Ruanda und DR Kongo: Gelingt die Deeskalation?

8. Juli 2022

Beobachter schlossen zuletzt sogar einen Krieg der beiden Nachbarn nicht aus. Jetzt wollen Ruanda und Kongo aufeinander zugehen. Doch dabei haben sie die Rechnung ohne die Rebellen der M23 gemacht.

DR Kongo | kongolesische Soldaten auf dem Weg zur Front im Kampf gegen die M23-Rebellen
Kongolesische Soldaten auf dem Weg zur Front im Kampf gegen die M23-RebellenBild: Arlette Bashizi/AFP/Getty Images

Die meisten politischen Vereinbarungen sind nicht für die Ewigkeit - doch die Lebensdauer des allerersten Ziels der sogenannten Roadmap war dramatisch kurz.
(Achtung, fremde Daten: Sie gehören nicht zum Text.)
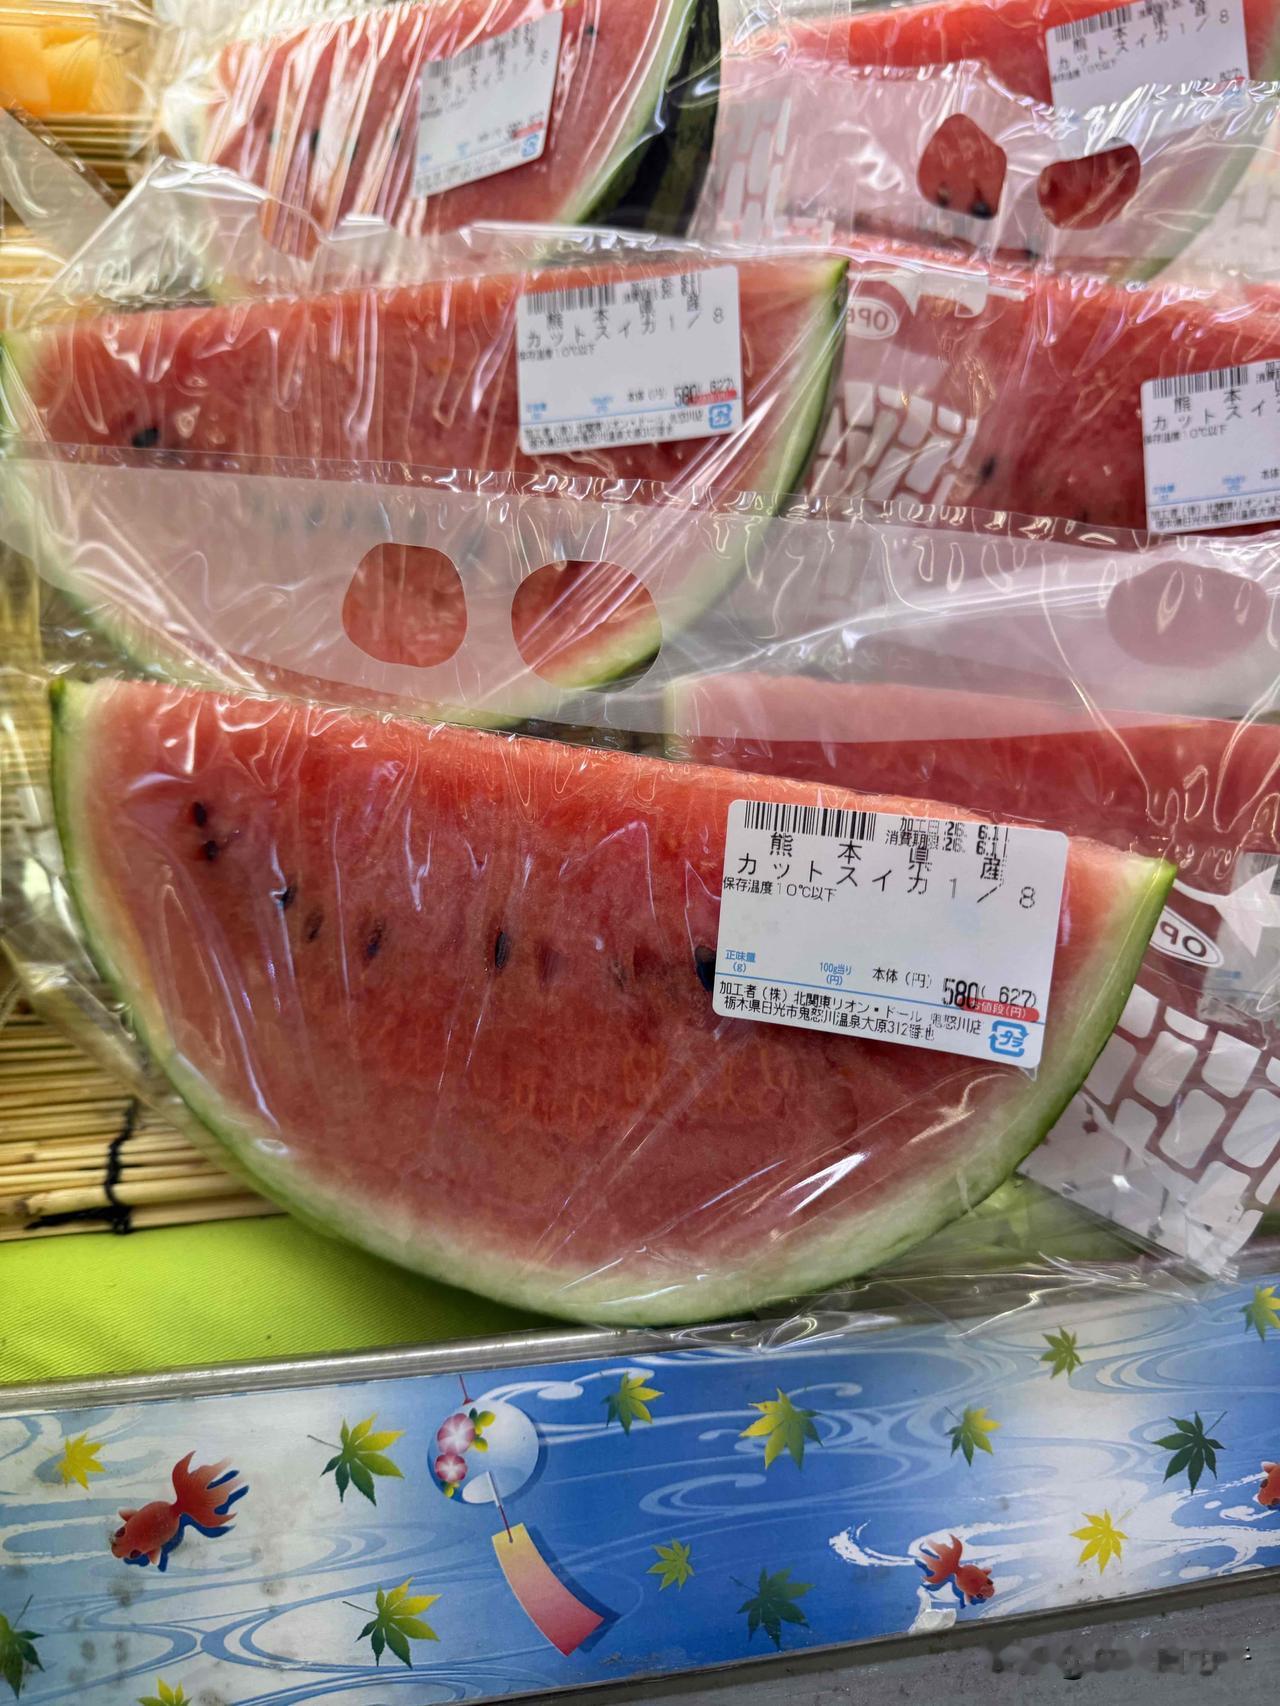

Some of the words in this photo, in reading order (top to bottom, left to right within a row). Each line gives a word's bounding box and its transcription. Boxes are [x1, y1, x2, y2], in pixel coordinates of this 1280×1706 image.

[1153, 399, 1280, 431] カットスイ
[725, 950, 756, 963] 正味量
Unter angolanischer Vermittlung hatten die Präsidenten der Demokratischen Republik Kongo und Ruandas, Felix Tshisekedi und Paul Kagame, Schritte zur Verbesserung ihrer Beziehungen beschlossen.

In der sechs Punkte umfassenden Vereinbarung bekannten sich beide Seiten zu einem "sofortigen Rückzug der M23". Doch die Rebellengruppe setzte ein Zeichen, dass nicht über ihren Kopf hinweg entschieden werden kann und verübte neue Angriffe. "Wir sind Kongolesen, keine Ruander", ließ sich M23-Sprecher Willy Ngoma von der Nachrichtenagentur AFP zitieren. "Ein Waffenstillstand kann nur zwischen uns und der kongolesischen Regierung vereinbart werden."

Ist damit der jüngste Anlauf für Frieden in der konfliktgebeutelten Region im Osten Afrikas schon gescheitert, bevor er begonnen hat?

Wer sind die M23-Rebellen?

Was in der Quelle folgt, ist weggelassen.